Tuesday saw a UK jobs report that masked much of the pain to come – you needed to dig beyond the headline figures to get a sense of what is actually going on.
At a glance, it was a decent morning for UK data. The claimant count change for August was a much lower than forecast 73.7k – against the 99.5k expected – with the average earnings index improving from -1.2% to -1.0% for the 3 months to the end of July. The unemployment rate did rise, but only from 3.9% to 4.1%, again for the 3 months to the end of July.
However slight that might look on a percentage increase, nearly 700,000 jobs have been lost since March. For the May to July period, meanwhile, 156,000 people were made redundant. That’s a 58,000 increase year-on-year, and a 48,000 rise quarter-on-quarter – the largest surge in redundancies by both metrics since 2009.
And, crucially, this is with the furlough scheme still in place. The monthly jobs reports are always a bit out of date by the time it arrives. Never will that be truer than in the coming months, as the data plays catch-up to what is going to be a truly upsetting end to the year for the UK jobs market.
Seemingly focusing on the surface-level headline numbers, neither the pound nor FTSE were too bothered by the jobs breakdown. The currency was up 0.1% against the dollar but down 0.2% against the euro, while the UK index added 0.2% to once again flirt with 6050.

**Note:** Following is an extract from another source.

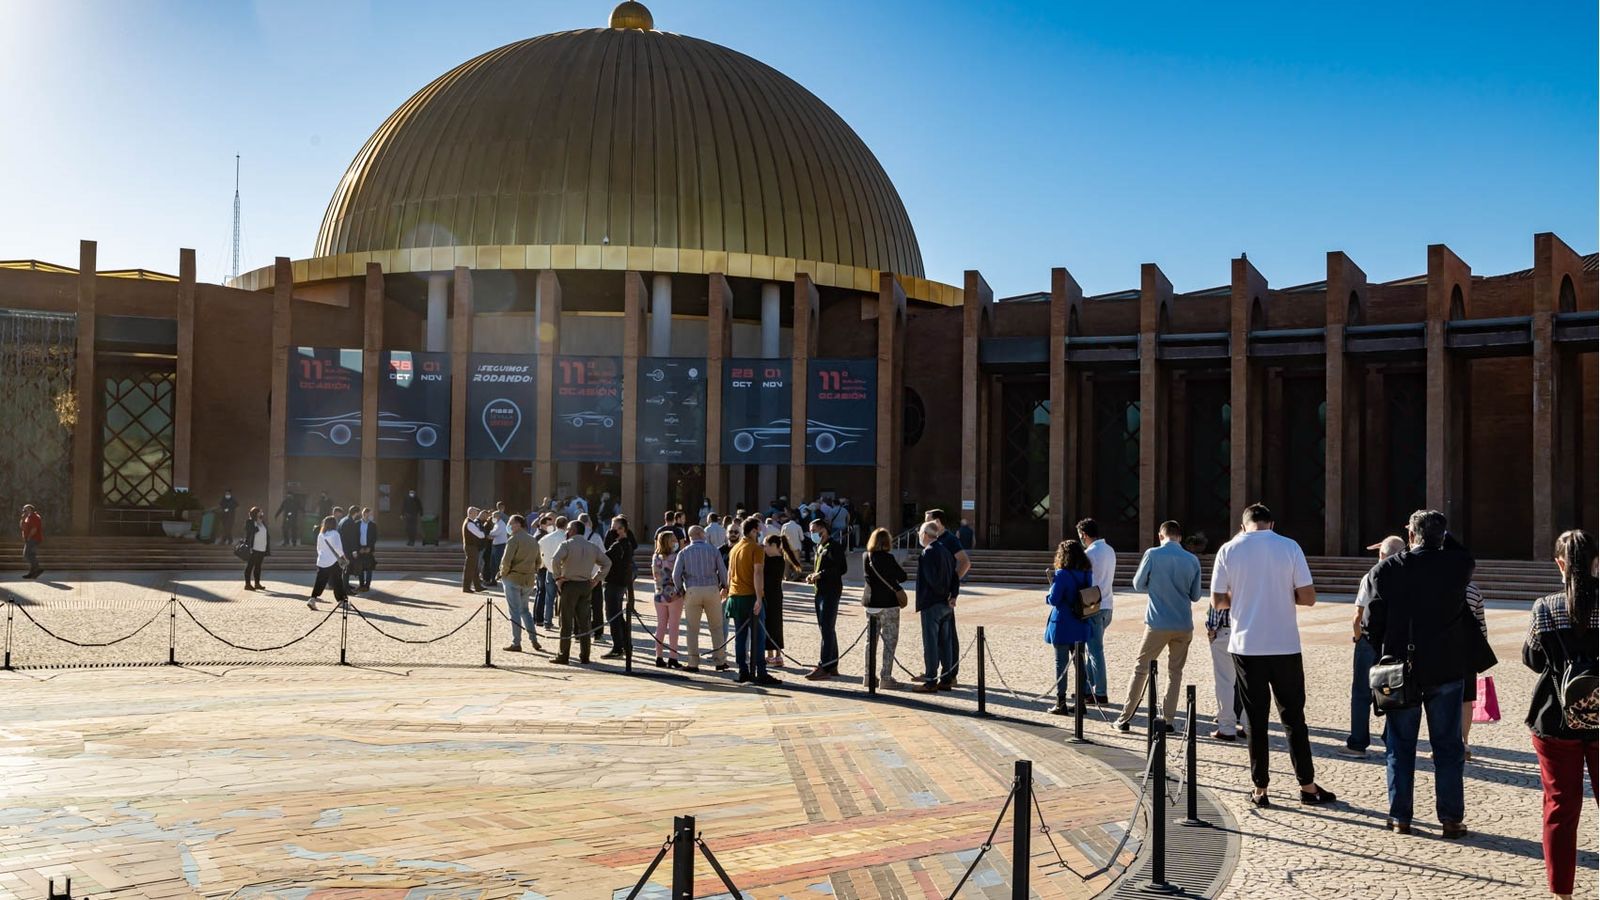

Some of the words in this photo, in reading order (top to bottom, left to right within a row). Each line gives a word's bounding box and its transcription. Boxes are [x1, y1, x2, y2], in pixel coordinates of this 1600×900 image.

[389, 360, 412, 371] 28
[472, 373, 534, 383] RODANDO!
[732, 368, 753, 378] 28

Despite a decent string of figures out of China – including, crucially, a 0.5% rise in August retail sales, the first positive reading since December 2019 – the Eurozone was just as flaccid. The DAX dipped 0.3%, joined by the CAC with a 0.2% fall.
Closing a smidge below 28000, the Dow Jones is looking to add 75 or so points this afternoon. There’s nothing really on the agenda to stand in its way, bar something like on update on what Donald Trump thinks of the TikTok/Oracle deal.